The Court of Appeals for the Ninth Circuit has upheld a lower court’s summary judgment in favor of a defendant that was sued for allegedly violating the Fair Debt Collection Practices Act by using “will not sue” language in a collection letter attempting to collect on a time-barred debt and for not warning individuals that making payments on time-barred debts may revive the statute of limitations.
A copy of the ruling in Stimpson v. Midland Credit Management can be accessed by clicking here.
The plaintiff defaulted on a credit card debt — his last payment was made in December 2008 — which was purchased by the defendant about a year later. The defendant sent a collection letter to the plaintiff in 2017, more than two years after the statute of limitations in Nevada — where the plaintiff lived — had expired. The letter, which listed an expiration date on the offers made in the letter — contained the following statements: “Available Payment Options. Option 1: 40% OFF. Option 2: 20% OFF Over 6 Months. Option 3: Monthly Payments As Low As: $50 per month. Call today to discuss your options and get more details.” The letter was signed by a representative of the defendant. Underneath the signature, there was a disclosure: “The law limits how long you can be sued on a debt and how long a debt can appear on your credit report. Due to the age of this debt, we will not sue you for it or report payment or non-payment of it to a credit bureau.”
The plaintiff sued, alleging the defendant violated the FDCPA by attempting to collect on time-barred debts without making the proper disclosures. The defendant was granted a motion for summary judgment. The plaintiff appealed, alleging the letter violated Section 1692e of the FDCPA by making false representations about his debt. By saying that the defendant “will not sue” instead of “can not sue,” the plaintiff alleged the defendant misrepresented the status of the debt. The Appeals Court disagreed, ruling that a least sophisticated consumer “would understand the letter’s disclosure to mean that Midland cannot take a legal action to collect the debt.” As well, the Appeals Court pointed to an enforcement order between the Consumer Financial Protection Bureau and the defendant that required the defendant to use the exact disclosure it used in the letter.

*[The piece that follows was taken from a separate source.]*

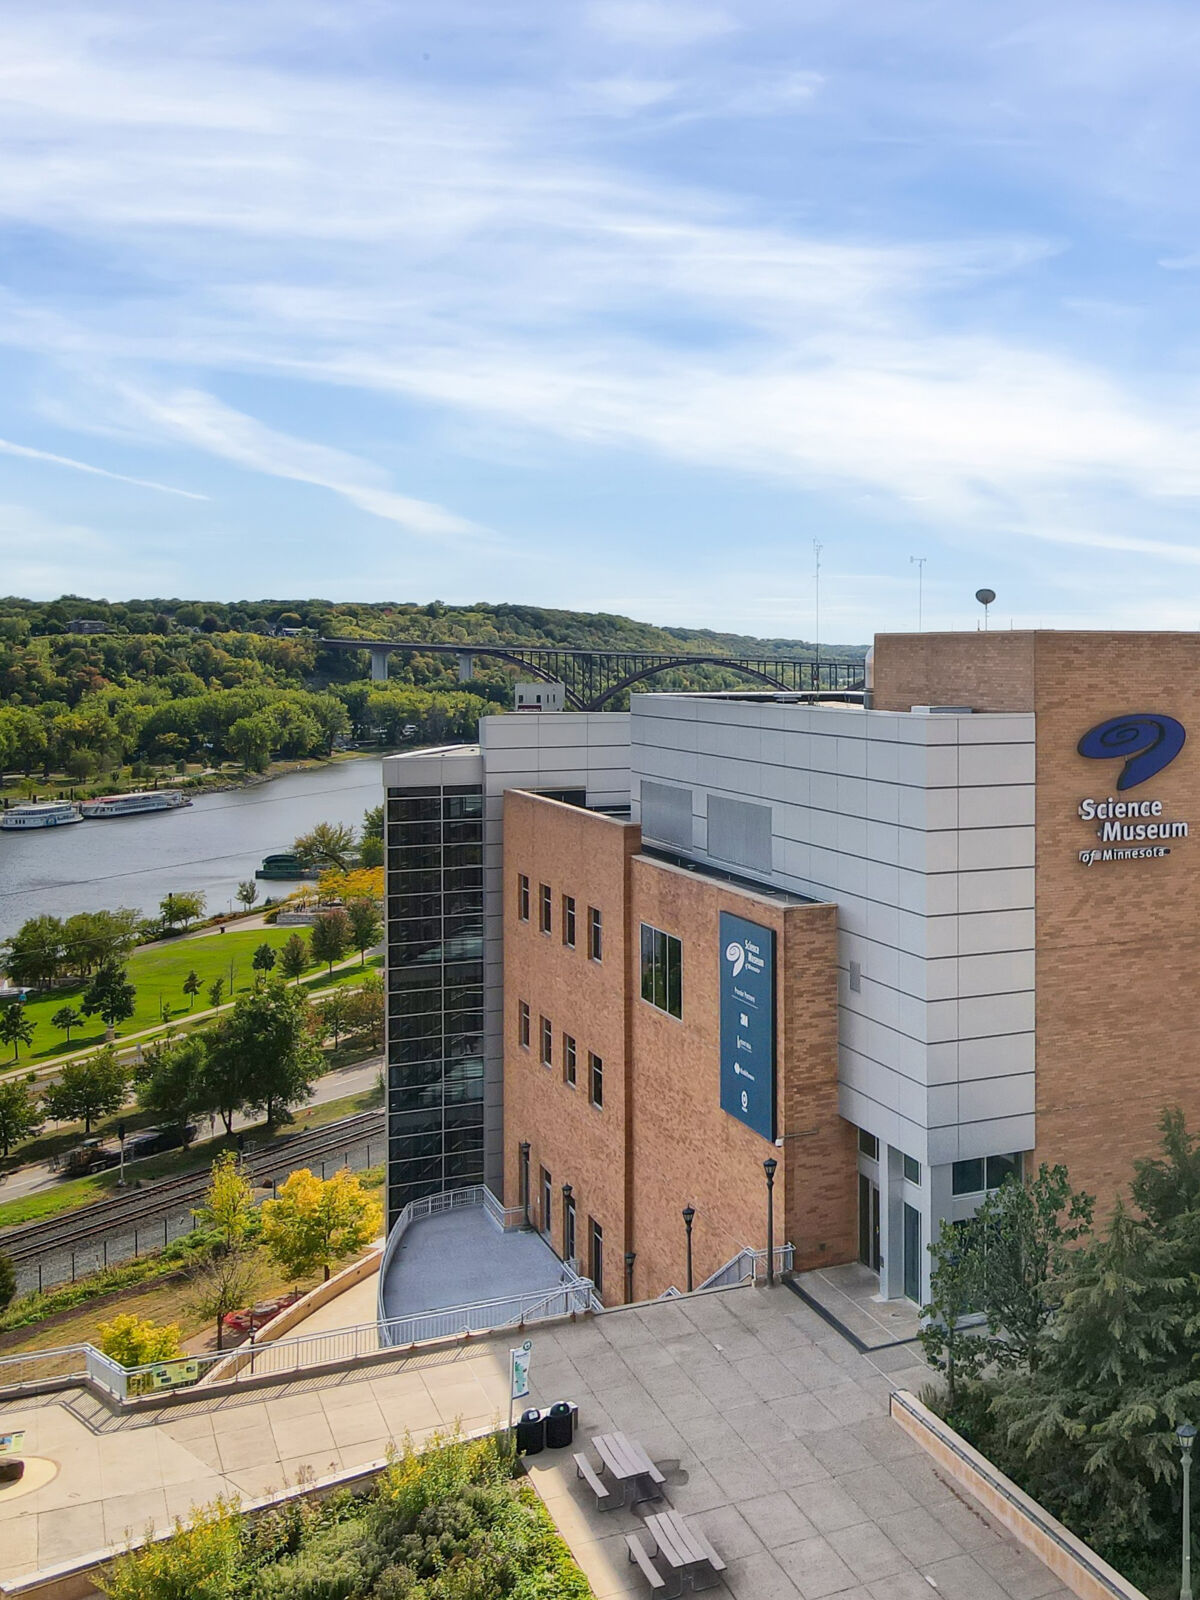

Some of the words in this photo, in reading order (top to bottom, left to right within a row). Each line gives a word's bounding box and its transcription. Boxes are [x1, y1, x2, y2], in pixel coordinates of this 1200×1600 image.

[1081, 797, 1163, 820] Science
[1102, 821, 1188, 842] Museum
[1082, 849, 1097, 867] of
[1102, 846, 1165, 861] Minnesota

“Given the consensus that language substantially similar to that used by Midland provides appropriate notice to consumers, we conclude that the least sophisticated debtor would not be confused by Midland’s disclosure,” the Appeals Court ruled. “Accordingly, we reject Stimpson’s argument that the letter’s statute-of-limitations disclosure would mislead the least sophisticated debtor into thinking that Midland could use legal means to collect the debt.”
The plaintiff also tried to allege that the failure to include a notification in the letter that a payment could revive the statute of limitations was also an FDCPA violation. But there is nothing in the FDCPA that requires collectors to “provide legal advice on revival statutes. Nor is the failure to provide such specific legal advice misleading,” the Appeals Court wrote.
In short, no part of the letter, standing alone, is deceptive or misleading. Nor is the letter deceptive or misleading when “read as a whole.” Gonzales, 660 F.3d at 1064. The disclosure “we will not sue” dispels the possibility that the least sophisticated debtor will read any of the “Benefits of Paying Your Debt” as falsely implying that non-payment will result in adverse consequences (such as Midland taking legal action in violation of § 1692e(5)) if the debtor does not avail himself of one of the “Available Payment Options” before the “Offer Expiration Date.”
In sum, we reject Stimpson’s argument that a letter is deceptive or misleading if a debt collector tries to persuade debtors to pay what they owe. Congress could prohibit, or otherwise restrict, attempts to collect time-barred debts, but it has not done so. Instead, liability attaches under § 1692e only if a debt collection letter is “false, deceptive, or misleading.” Stimpson has not identified anything false, deceptive, or misleading in Midland’s letter, so his FDCPA claim fails.